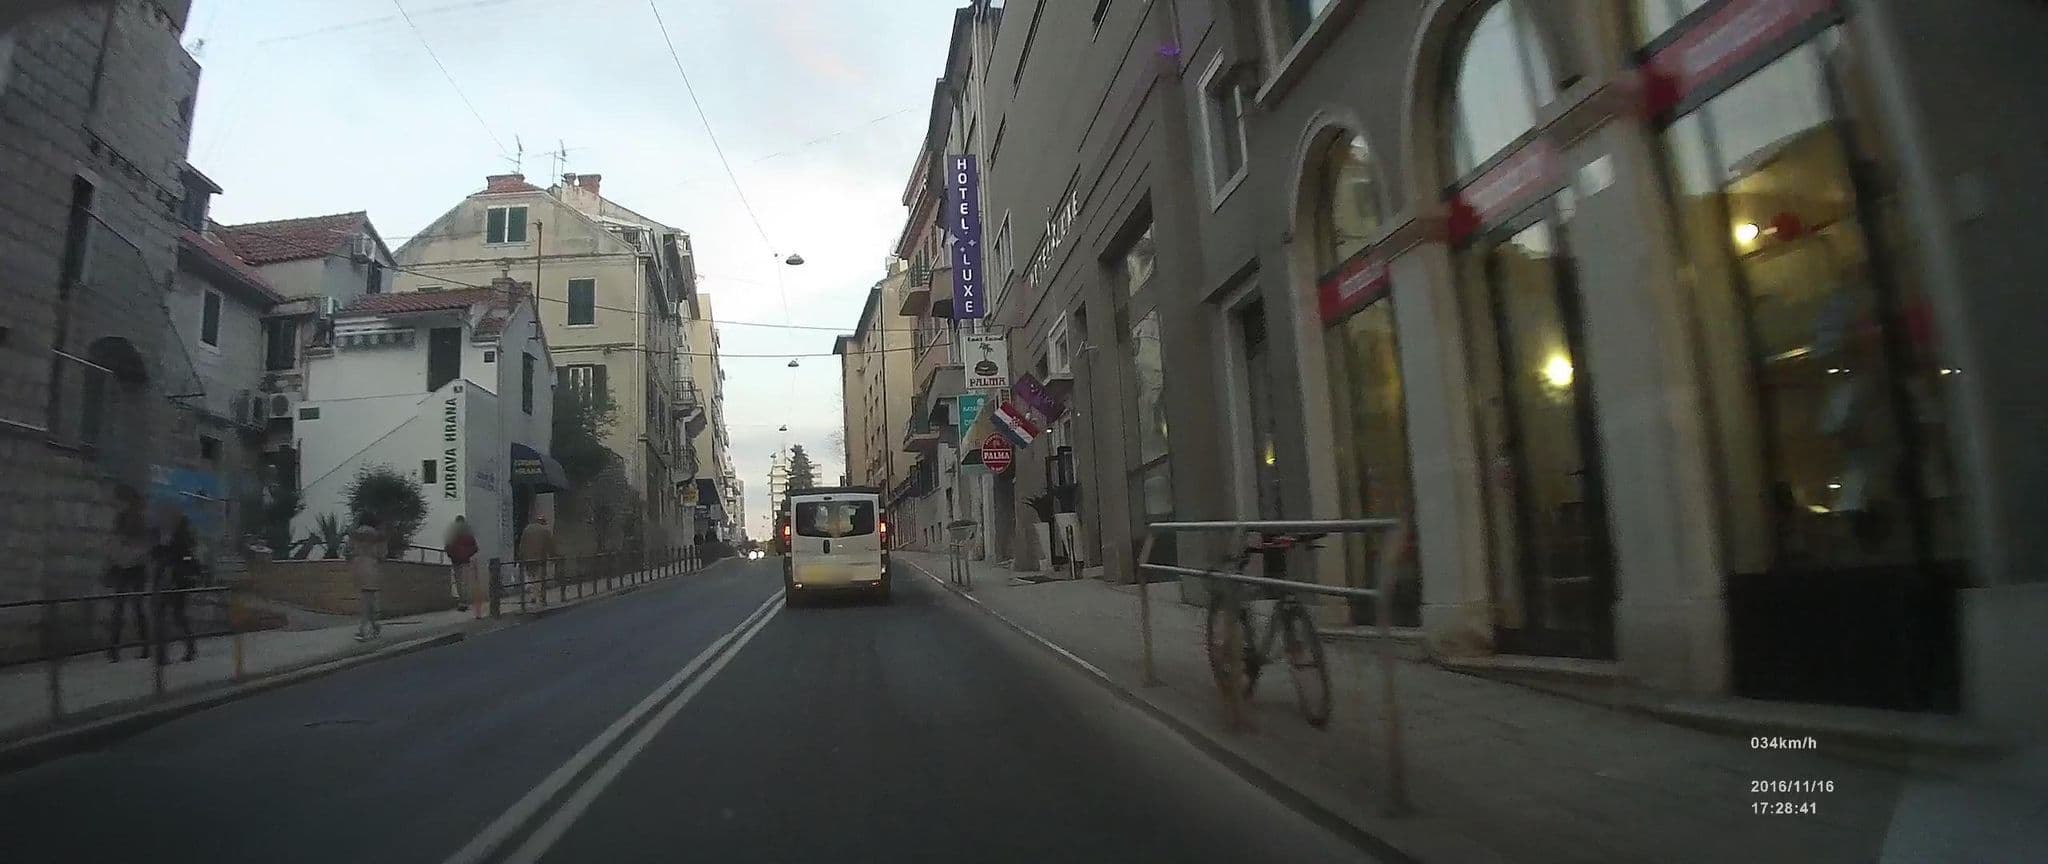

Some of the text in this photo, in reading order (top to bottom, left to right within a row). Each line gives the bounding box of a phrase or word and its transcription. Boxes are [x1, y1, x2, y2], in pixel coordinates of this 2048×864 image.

[957, 159, 974, 313] HOTEL LUXE
[970, 377, 1006, 387] PALMA
[445, 397, 457, 499] ZDRAVA HRANA
[983, 451, 1010, 460] PALMA
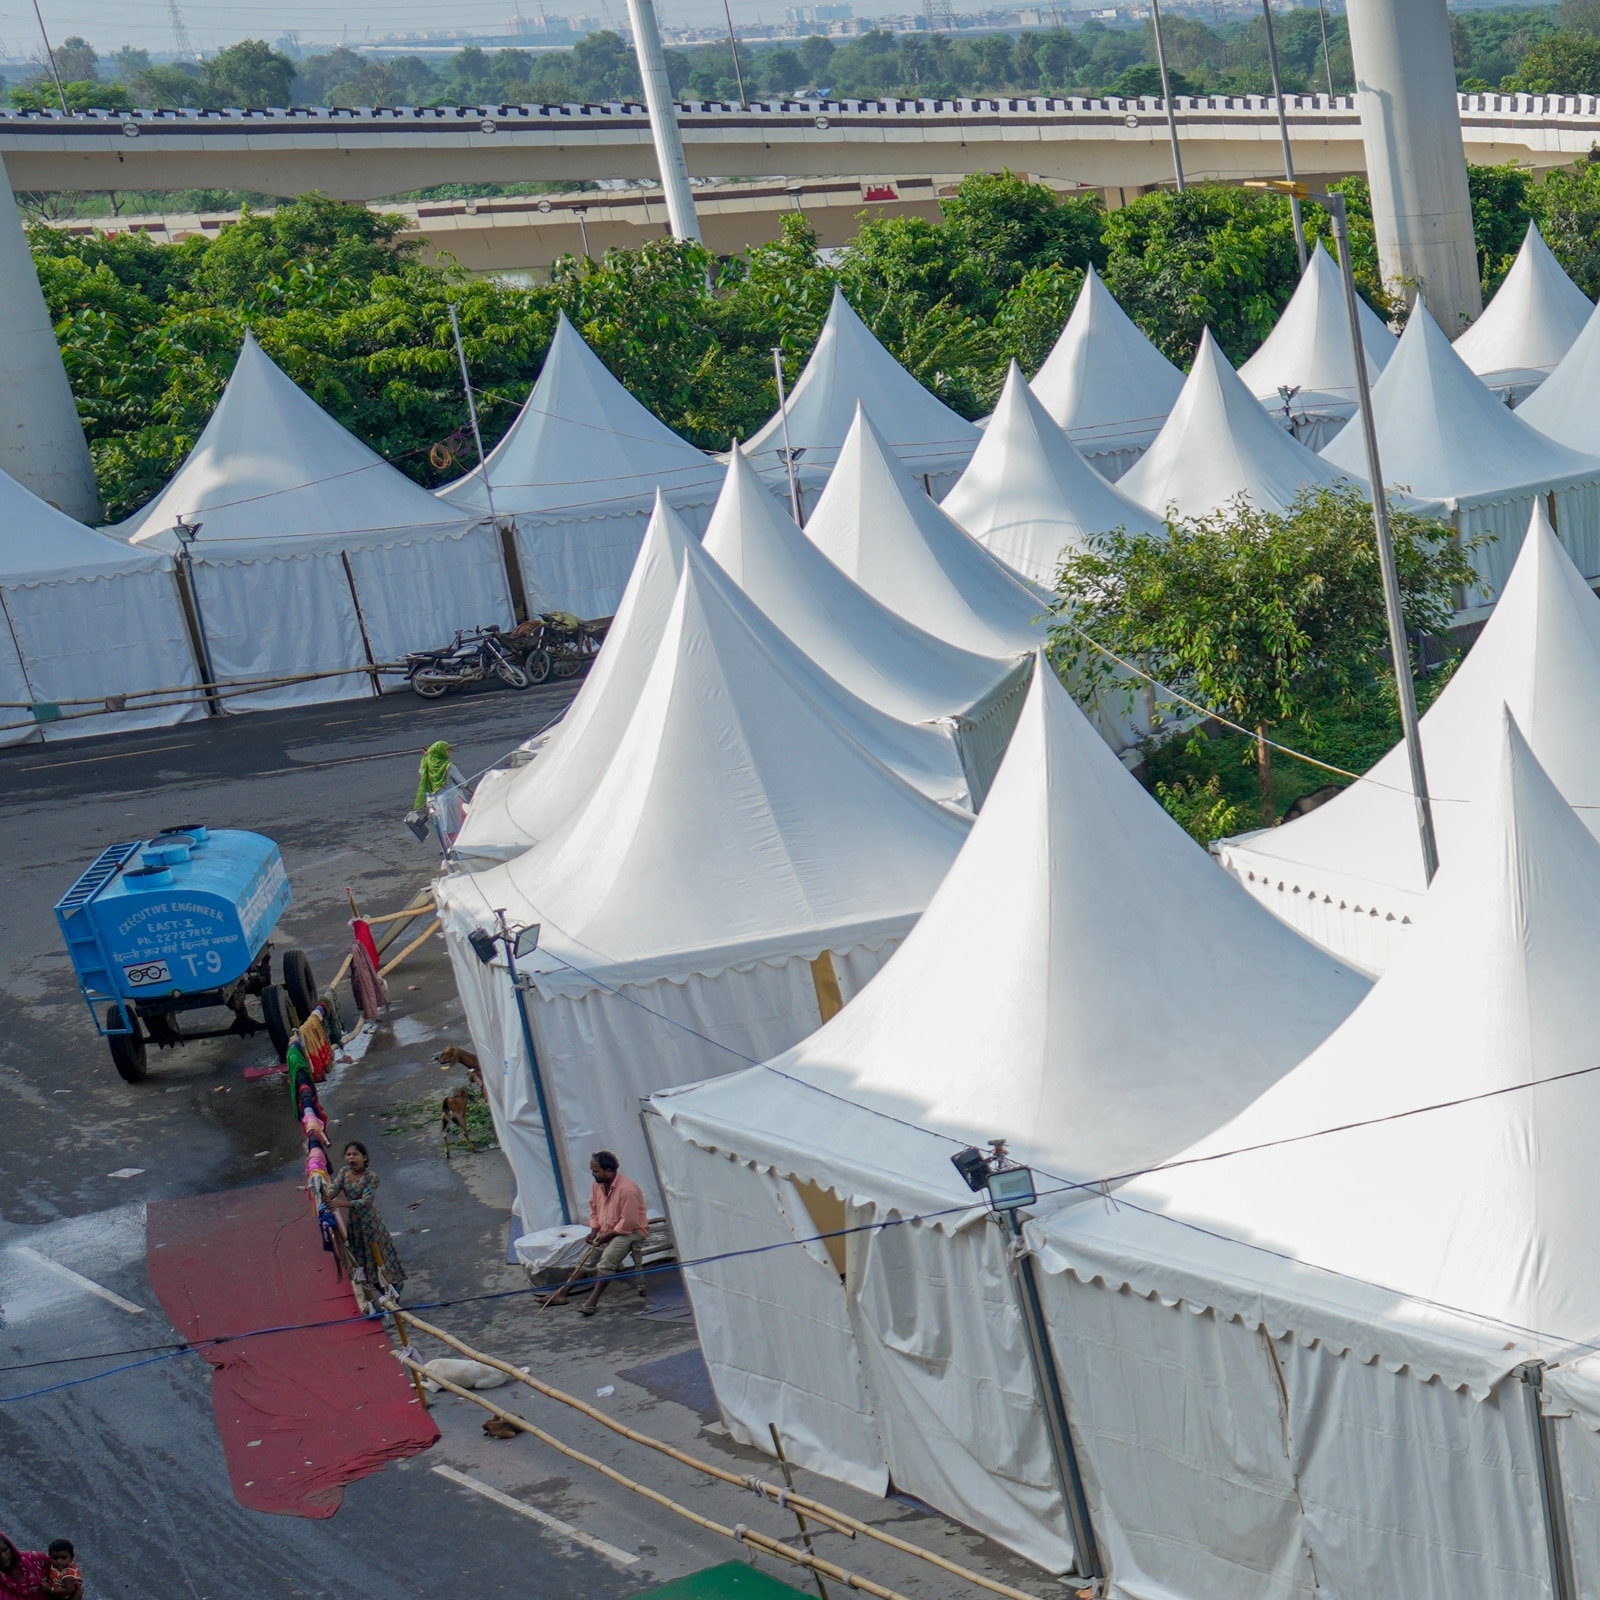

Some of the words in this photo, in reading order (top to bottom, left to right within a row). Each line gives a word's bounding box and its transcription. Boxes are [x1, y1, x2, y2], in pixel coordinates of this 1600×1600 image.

[118, 903, 170, 936] EXECUTIVE
[171, 902, 225, 922] ENGINEER
[112, 949, 140, 962] दिल्ली
[180, 938, 210, 950] दिल्ली
[181, 951, 222, 977] T-9

####

### Task to complete
Begin with the line holding "Some of the words" and end with the last line of the material. Write out those lines exactly, and only those.

### Finished task
Some of the words in this photo, in reading order (top to bottom, left to right within a row). Each line gives a word's bounding box and its transcription. Boxes are [x1, y1, x2, y2], in pixel coordinates of this 1600×1600 image.

[118, 903, 170, 936] EXECUTIVE
[171, 902, 225, 922] ENGINEER
[112, 949, 140, 962] दिल्ली
[180, 938, 210, 950] दिल्ली
[181, 951, 222, 977] T-9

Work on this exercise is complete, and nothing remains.